Drawing inspiration from Terence Stamp’s angelic slut in Teorema, Félix Kysyl stars in Misericorida as a mysterious outsider who serves as the target for an entire community’s sexual desires. Only, in this case he’s not a total stranger to those many, many potential sex partners. Jérémie returns to his hometown from a life in the Big City to mourn the loss of his former employer, the town baker. He lingers beyond the normal funereal mourning process to relive his teen years in the home of the recently widowed baker’s wife, where he’s constantly bombarded by unspoken sexual advances from everyone in the small-town social circle: the widow, her priest, her son, and her son’s best friend – the last two of whom seem totally unaware that they’re even flirting. All of this social pressure and the expiration of his welcome quickly culminate in a violent crime that leaves Jérémie under surveillance & interrogation by the local cops. He spends his days halfheartedly foraging for mushrooms in the woods to appear innocently busy. Meanwhile, he’s paranoid about leading the cops to the shallowly buried evidence of his crime of passion, which has become a suspiciously fertile garden bed for off-season mushrooms. Everyone seems to know he’s guilty, but no one wants to turn him in, in case they might be able to consummate their lust for him.
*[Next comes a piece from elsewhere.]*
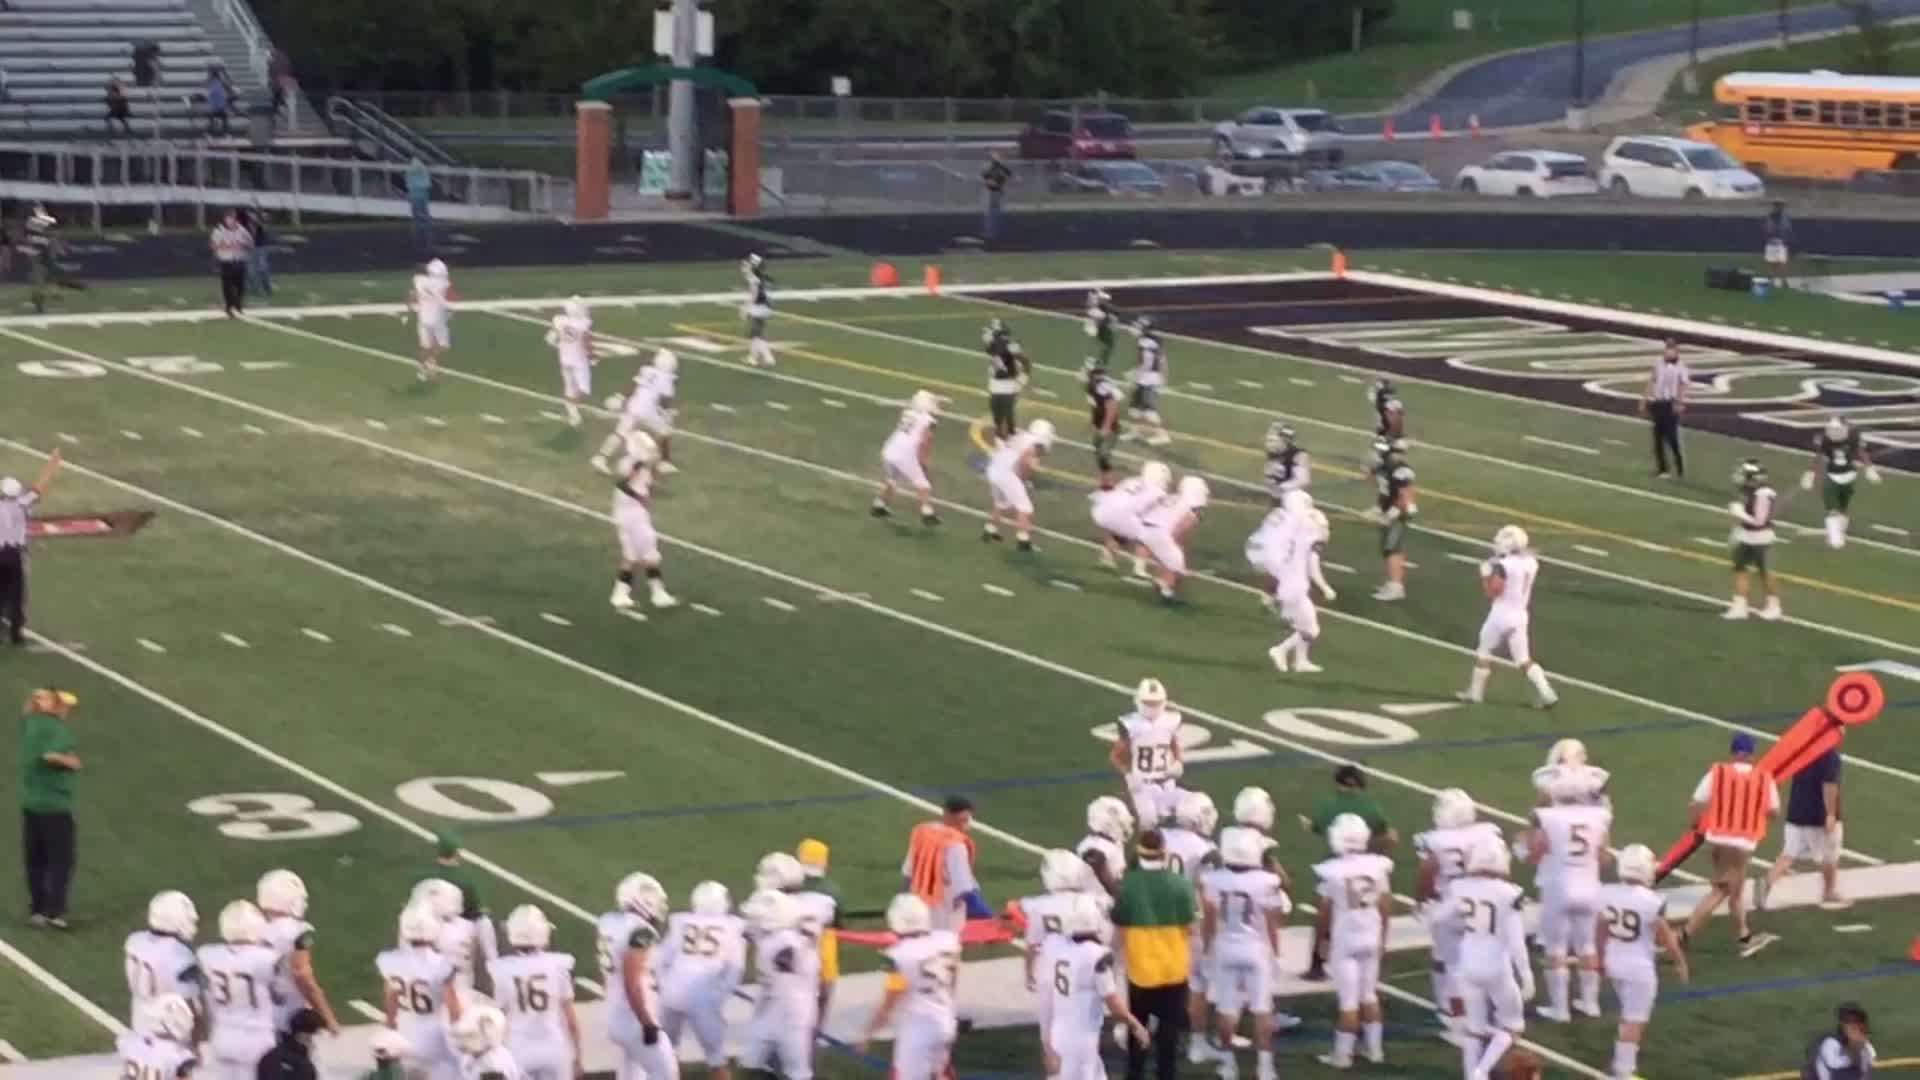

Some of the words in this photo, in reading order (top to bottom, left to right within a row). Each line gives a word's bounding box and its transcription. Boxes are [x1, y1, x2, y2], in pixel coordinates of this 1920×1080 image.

Yet, he can’t leave town without looking like he’s fleeing a crime scene. He’s essentially imprisoned by his fuckability.
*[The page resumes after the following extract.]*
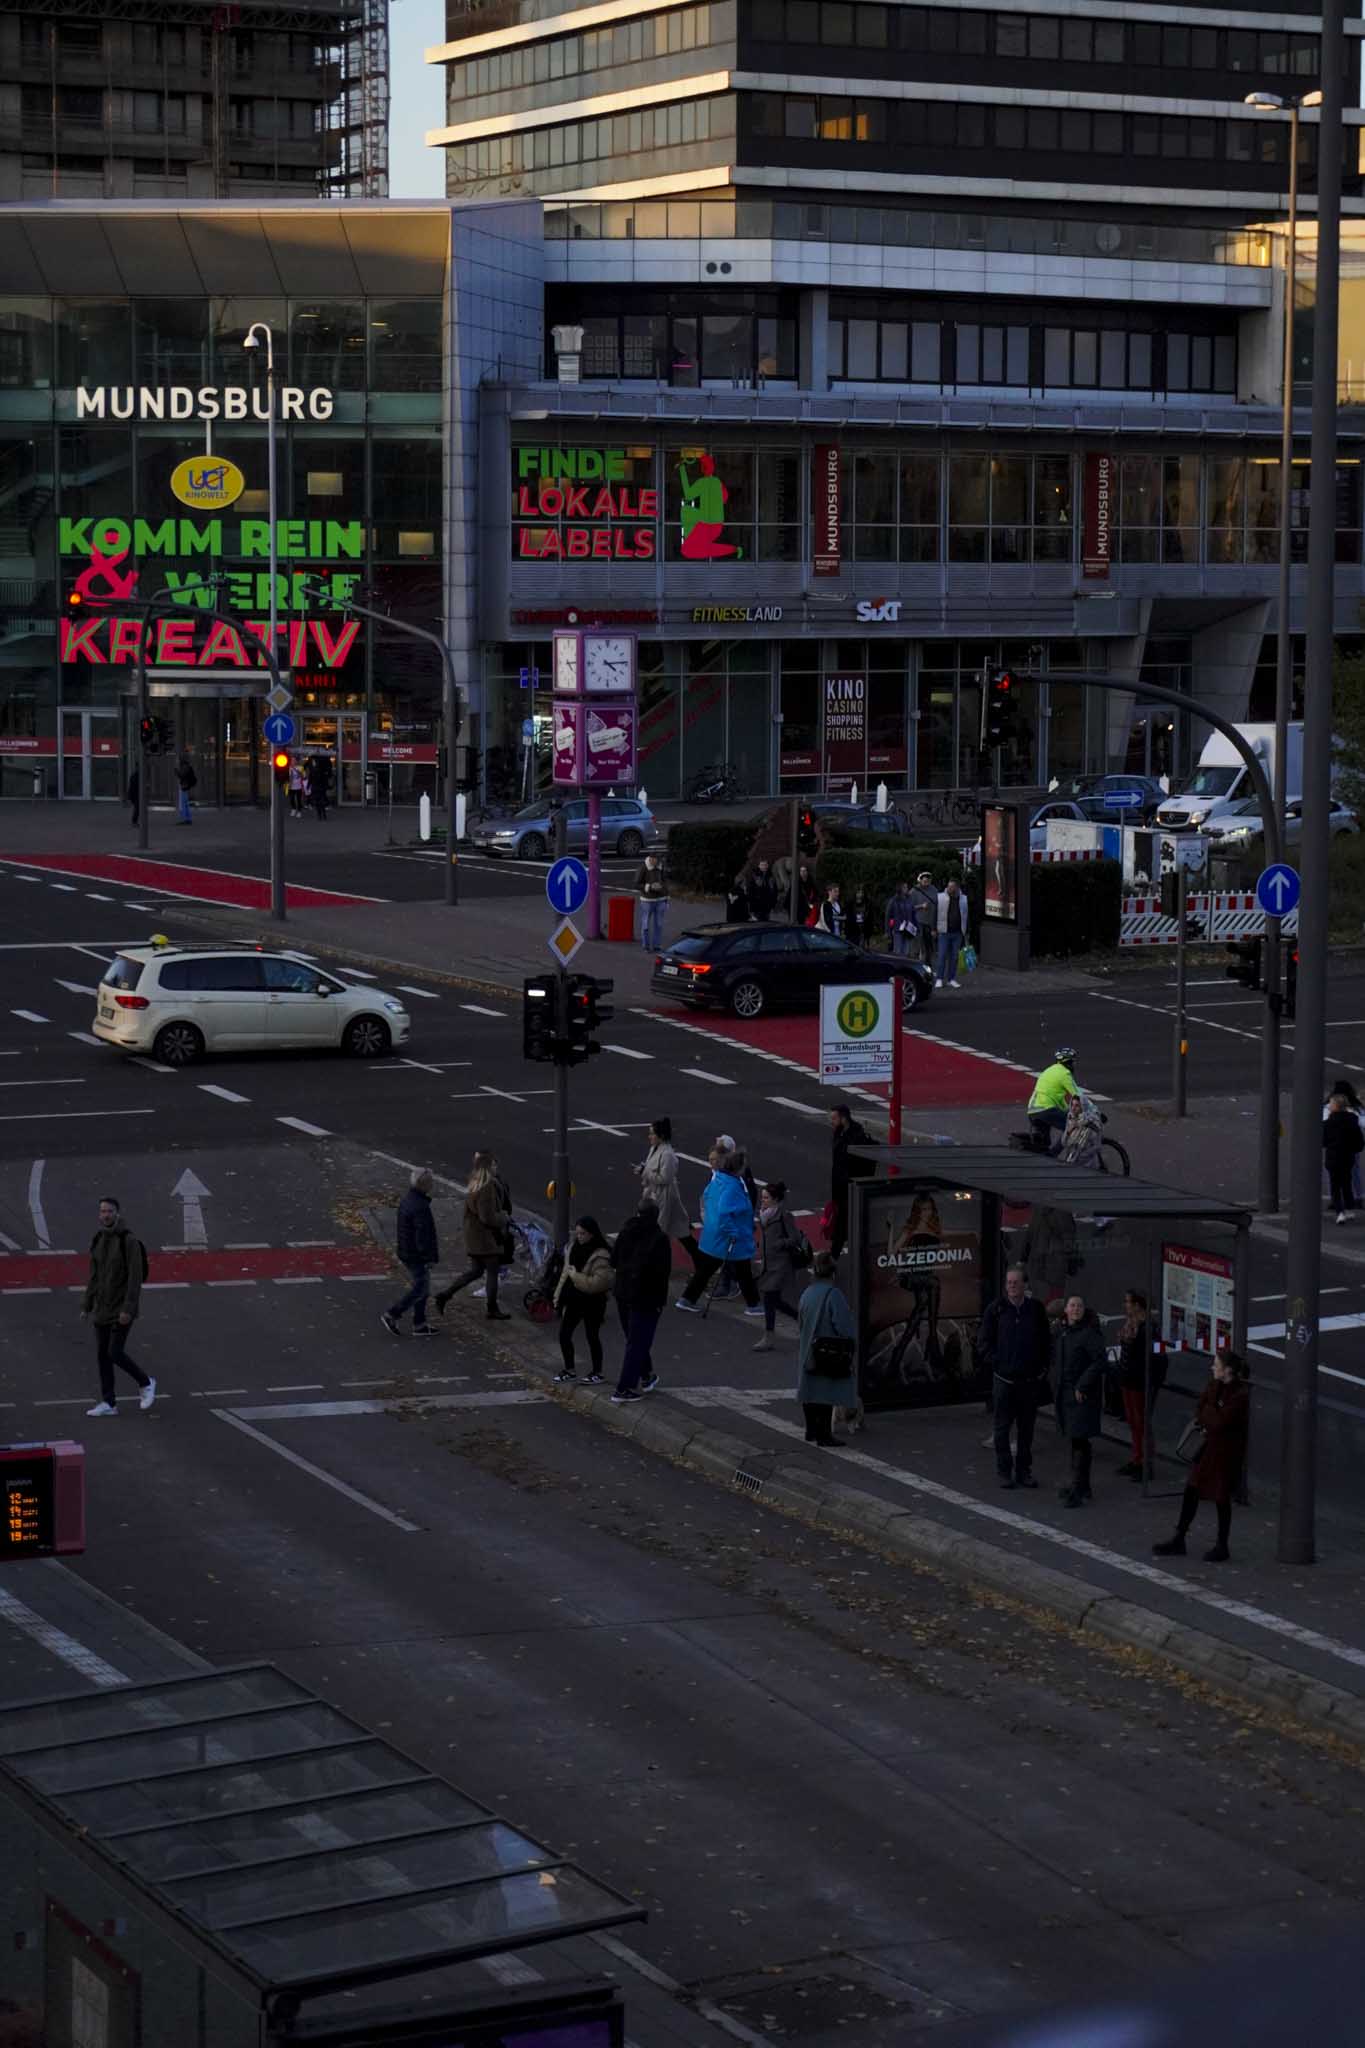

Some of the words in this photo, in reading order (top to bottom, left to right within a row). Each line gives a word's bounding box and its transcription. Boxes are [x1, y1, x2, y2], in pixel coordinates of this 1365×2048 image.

There are no actual sex scenes in Misericorida, which sounds absurd for a Teorema riff from the director of Stranger by the Lake. It’s a low-key, autumnal thriller that propels itself with sexual tension, though, often so erotically charged in its otherwise casual exchanges of dialogue that the entire project plays like an understated prank.  There’s something undeniably perverse, for instance, when Jérémie is pressured to receive the town priest’s confession from the ordained side of the booth. Although there’s no actual sex, Guiraudie finds room to squeeze in two on-screen dicks – one limp, one erect. There’s even something slyly funny about Félix Kysyl’s costuming as Jérémie, styling the 30-something actor’s hair with an inappropriately boyish look that presents him as a kind of expired twink. Does that look say something about his arrested adolescence, possibly as a result of his past sexual tension with the now-deceased town baker? I have no idea, but it does add to the strangeness of his erotic dynamic with his more geriatric sexual suitors. In general, it’s difficult to pinpoint any specific social commentary or prescriptive point of view in Guiraudie’s work. If his quietly surreal erotic thrillers say anything about the world, it’s just that sex & violence are a constant aspect of human nature, as natural of forces as the wind blowing trees outside. For whatever reason, those winds just seem to blow harder & louder in France.